[Stored records]
**********

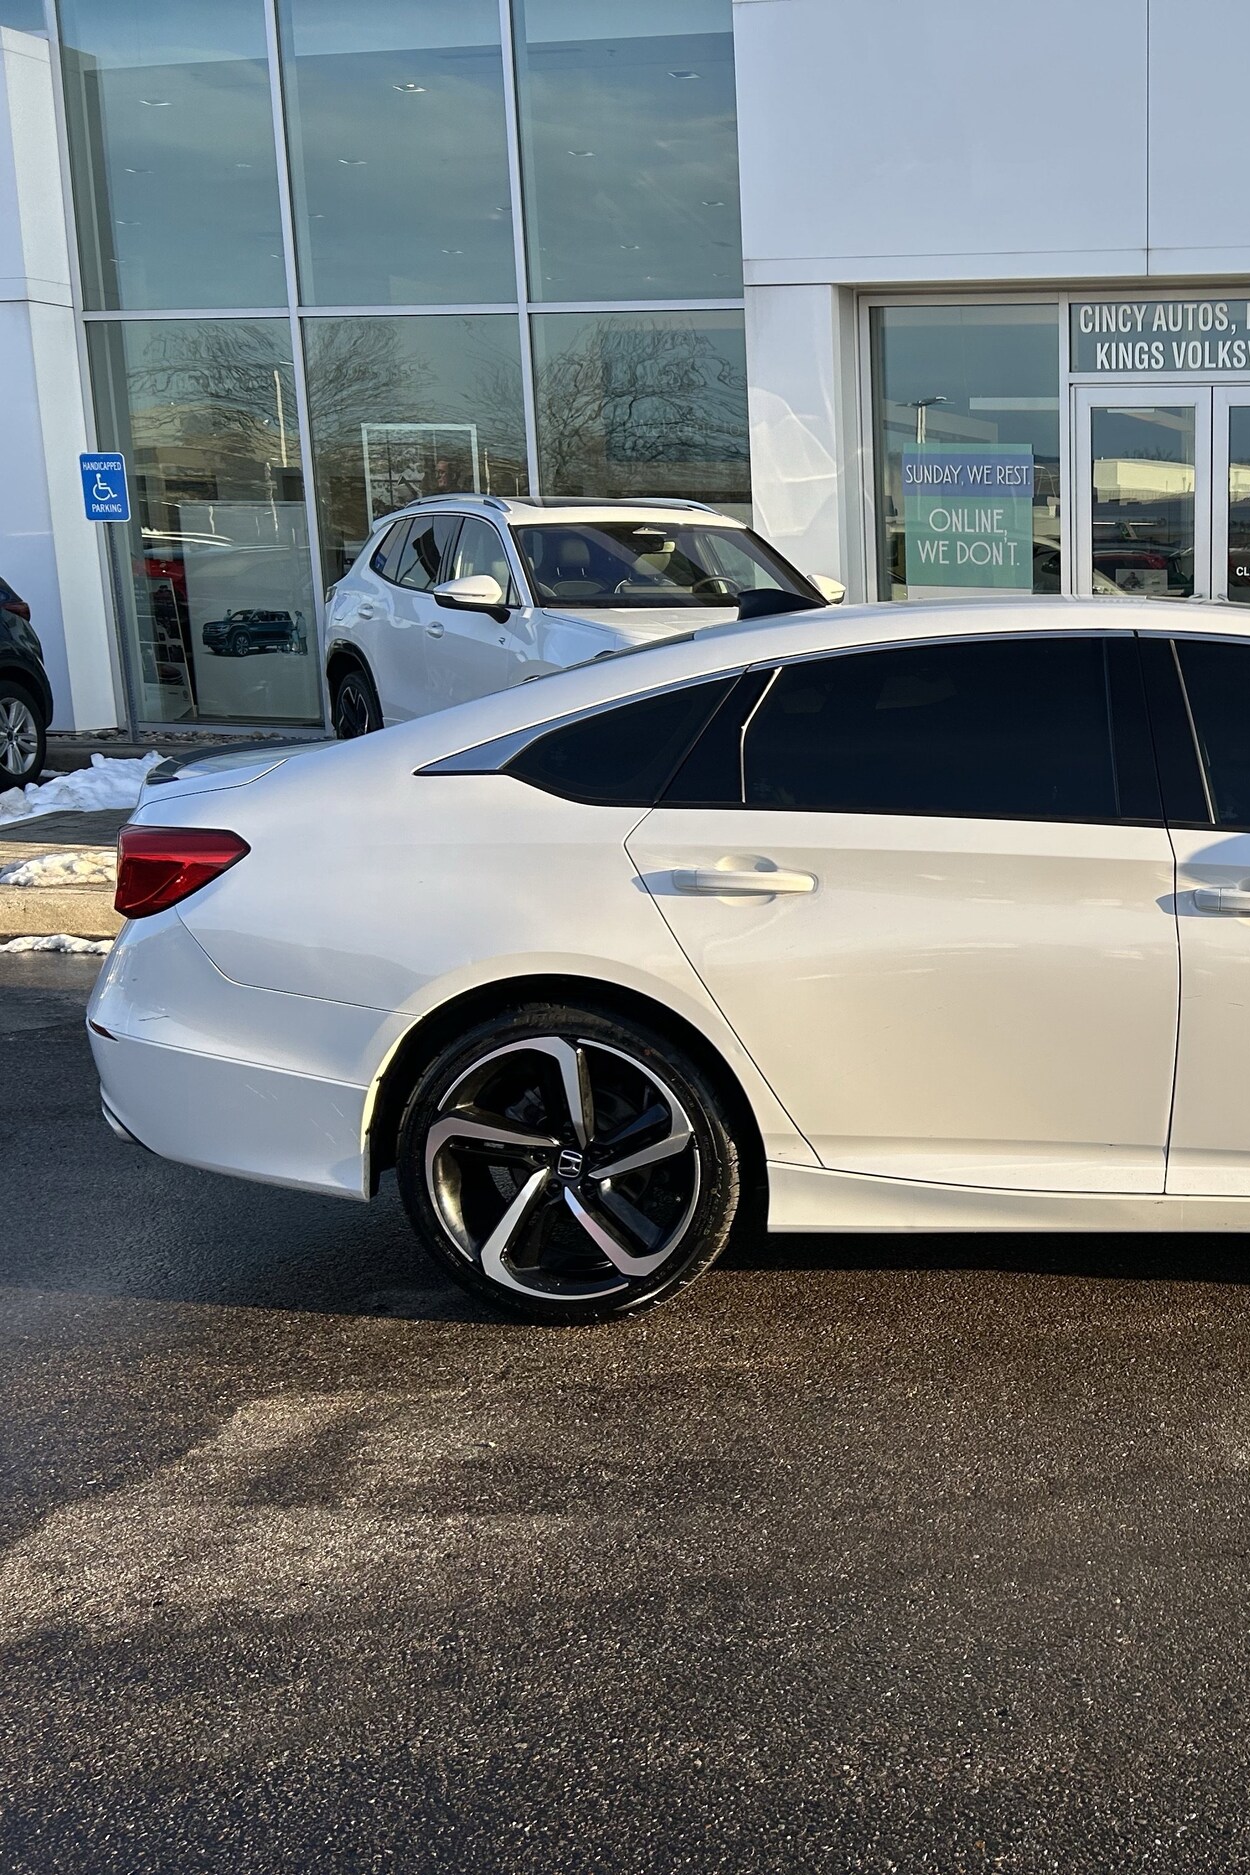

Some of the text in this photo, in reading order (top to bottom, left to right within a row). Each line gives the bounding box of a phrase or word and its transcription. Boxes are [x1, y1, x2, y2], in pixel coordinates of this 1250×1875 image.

[1079, 304, 1147, 333] CINCY
[1152, 302, 1237, 335] AUTOS,
[1096, 341, 1165, 370] KINGS
[82, 461, 122, 471] HANDICAPPED
[905, 464, 1031, 486] SUNDAY, WE REST.
[91, 503, 123, 513] PARKING
[929, 508, 1008, 536] ONLINE,
[917, 537, 1020, 566] WE DON'T.
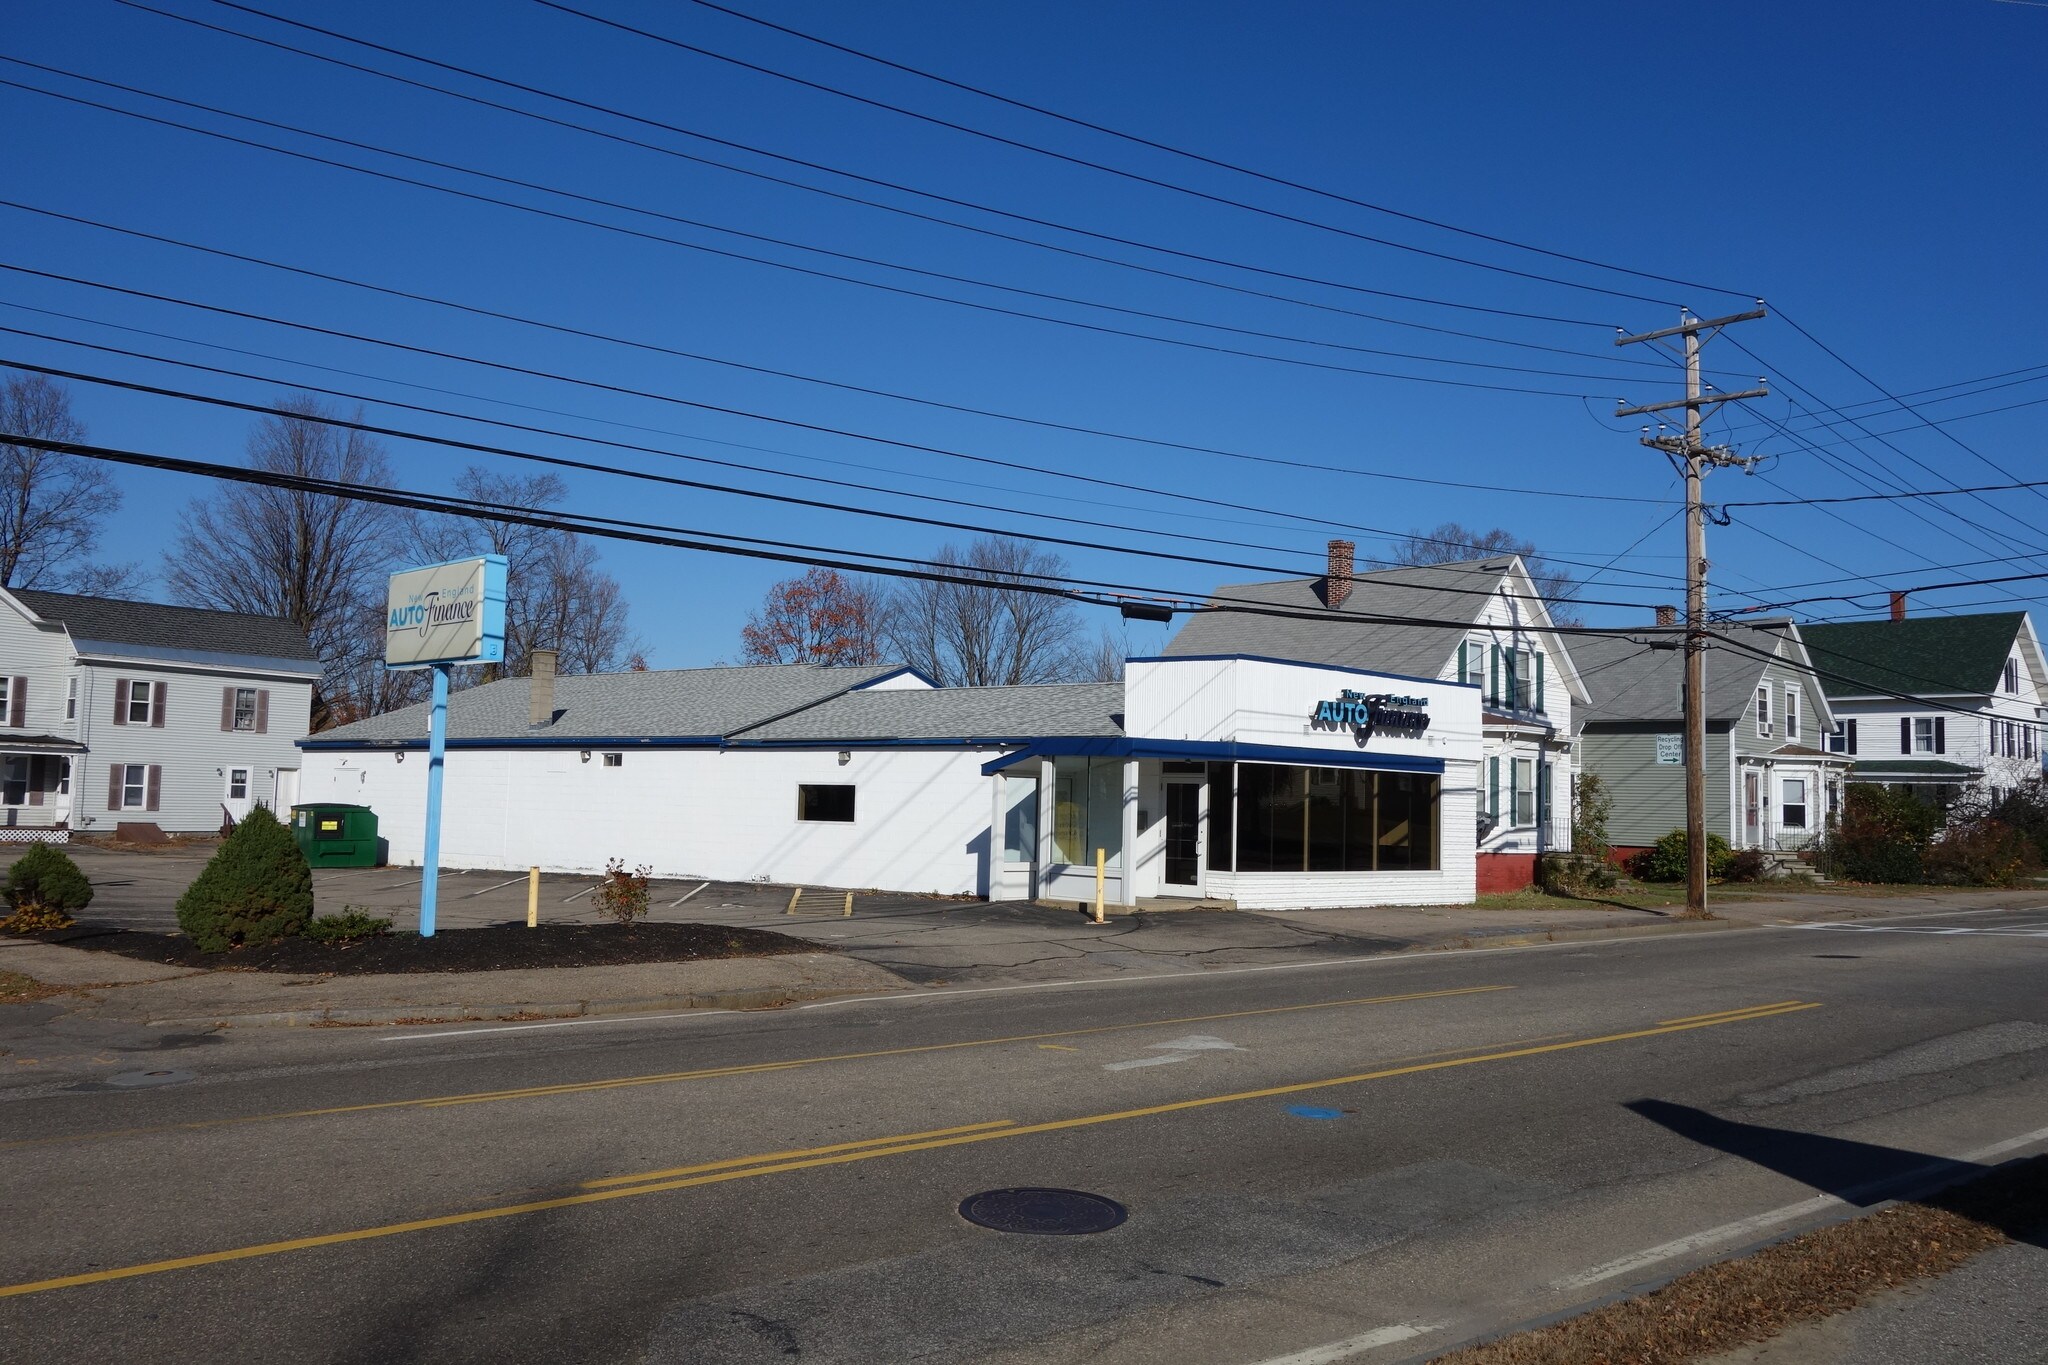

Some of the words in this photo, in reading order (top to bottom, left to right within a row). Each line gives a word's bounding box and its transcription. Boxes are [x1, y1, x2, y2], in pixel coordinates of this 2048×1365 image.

[408, 594, 423, 603] New
[441, 585, 474, 598] England
[389, 605, 424, 627] AUTO
[420, 591, 473, 637] Finance
[1344, 689, 1366, 700] New
[1387, 693, 1429, 707] England
[1318, 701, 1370, 725] AUTO

**********

A faithful copy of the records above is needed, with the pictures left out.

Reply to the exercise -
Some of the text in this photo, in reading order (top to bottom, left to right within a row). Each line gives the bounding box of a phrase or word and its transcription. Boxes are [x1, y1, x2, y2], in pixel coordinates of this 1250×1875 image.

[1079, 304, 1147, 333] CINCY
[1152, 302, 1237, 335] AUTOS,
[1096, 341, 1165, 370] KINGS
[82, 461, 122, 471] HANDICAPPED
[905, 464, 1031, 486] SUNDAY, WE REST.
[91, 503, 123, 513] PARKING
[929, 508, 1008, 536] ONLINE,
[917, 537, 1020, 566] WE DON'T.

Some of the words in this photo, in reading order (top to bottom, left to right within a row). Each line gives a word's bounding box and its transcription. Boxes are [x1, y1, x2, y2], in pixel coordinates of this 2048×1365 image.

[408, 594, 423, 603] New
[441, 585, 474, 598] England
[389, 605, 424, 627] AUTO
[420, 591, 473, 637] Finance
[1344, 689, 1366, 700] New
[1387, 693, 1429, 707] England
[1318, 701, 1370, 725] AUTO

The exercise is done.